- Travis Ranch Travis Ranch
- Coordinates: 32°48′05″N 96°28′39″W﻿ / ﻿32.80139°N 96.47750°W
- Country: United States
- State: Texas
- County: Kaufman

Area
- • Total: 0.794 sq mi (2.06 km^{2})
- • Land: 0.793 sq mi (2.05 km^{2})
- • Water: 0.001 sq mi (0.0026 km^{2})
- Elevation: 463 ft (141 m)

Population (2010)
- • Total: 2,556
- • Density: 3,220/sq mi (1,240/km^{2})
- Time zone: UTC-6 (Central)
- • Summer (DST): UTC-5 (Central)
- ZIP code: 75126
- Area codes: 214, 469, 945, 972
- GNIS feature ID: 2584748
- FIPS code: 48-73562

= Travis Ranch, Texas =

Travis Ranch is a census-designated place (CDP) in Kaufman County, Texas, United States.
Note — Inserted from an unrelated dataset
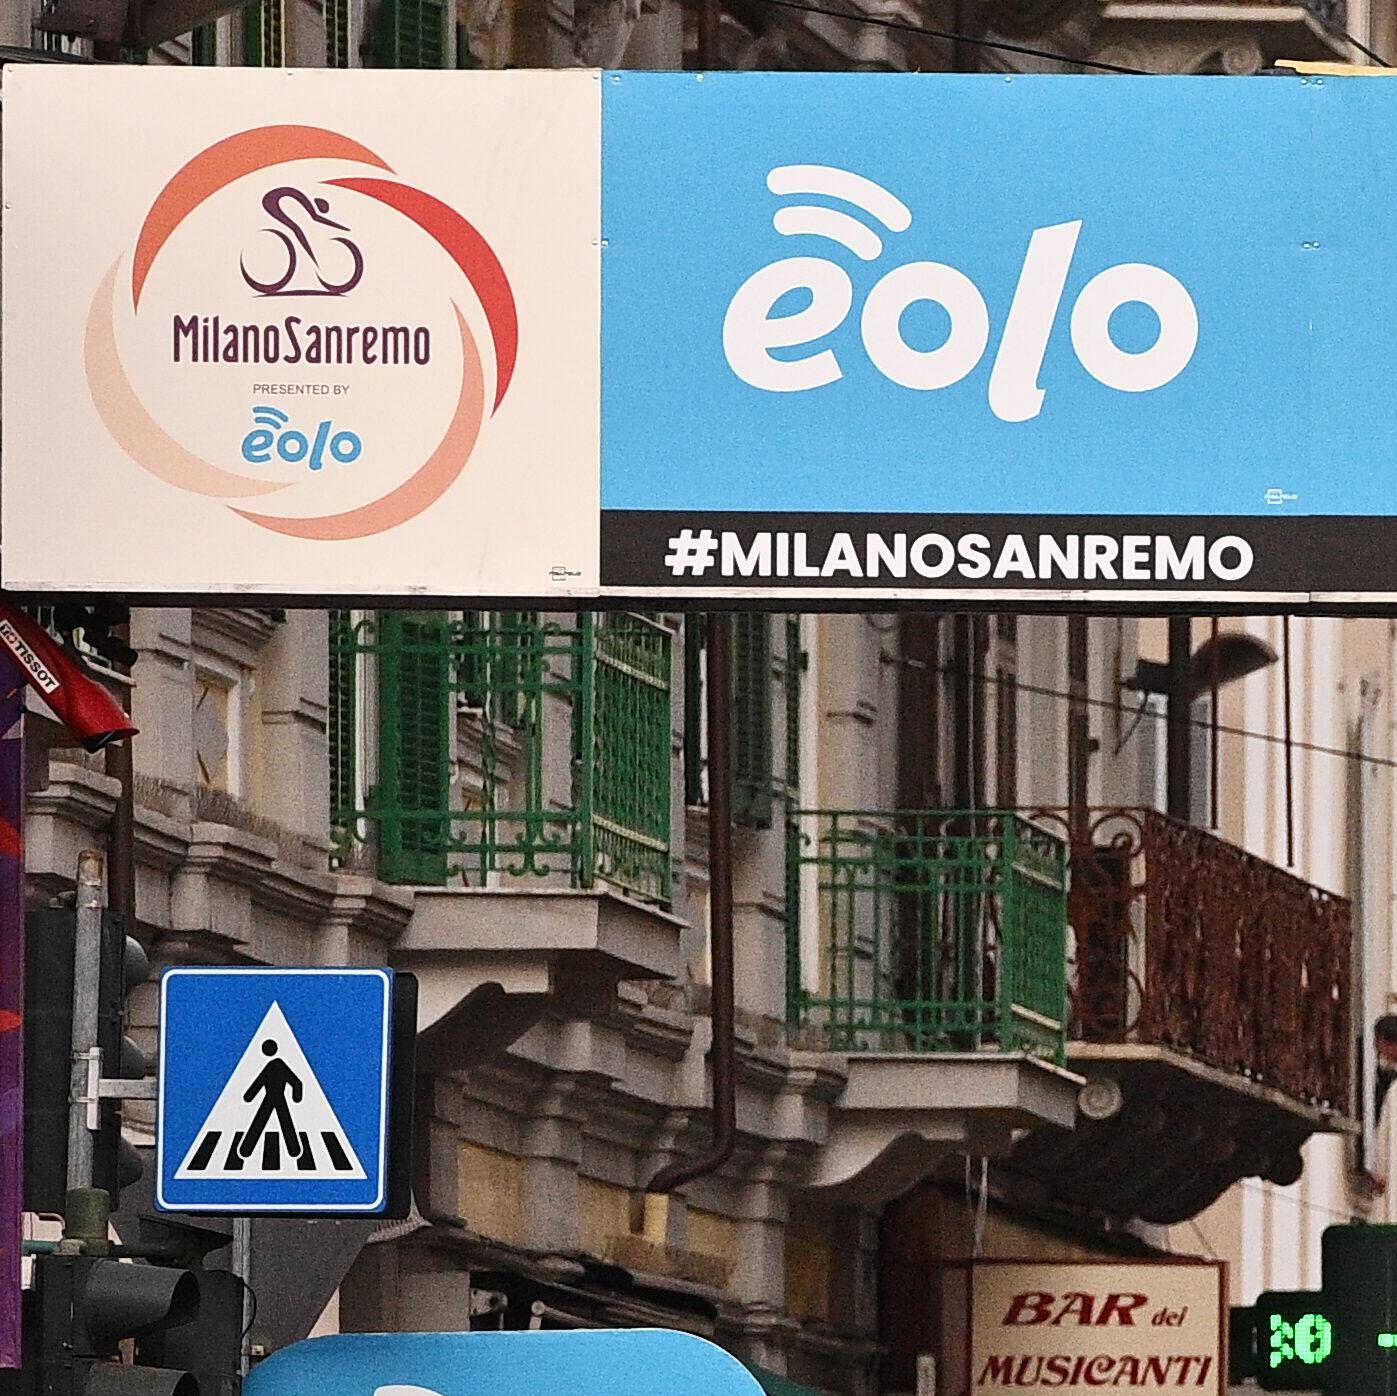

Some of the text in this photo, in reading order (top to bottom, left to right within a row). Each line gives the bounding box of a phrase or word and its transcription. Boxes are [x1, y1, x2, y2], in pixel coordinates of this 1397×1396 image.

As of the 2020 census, Travis Ranch had a population of 7,324. It is part of the Dallas–Fort Worth–Arlington metropolitan area.

The community is in the northwestern corner of Kaufman County, approximately 10 mi northeast of Mesquite and 15 mi northwest of Terrell. It is bordered to the north by the city of Heath. The northwestern corner of the town abuts Lake Ray Hubbard on the East Fork Trinity River. According to the U.S. Census Bureau, the CDP has an area of 2.1 sqkm, of which 0.7 acre, or 0.13%, is covered by water. Travis ranch was established in the early 2000s (1999-2007).
==Demographics==

Travis Ranch first appeared as a census designated place in the 2010 U.S. census.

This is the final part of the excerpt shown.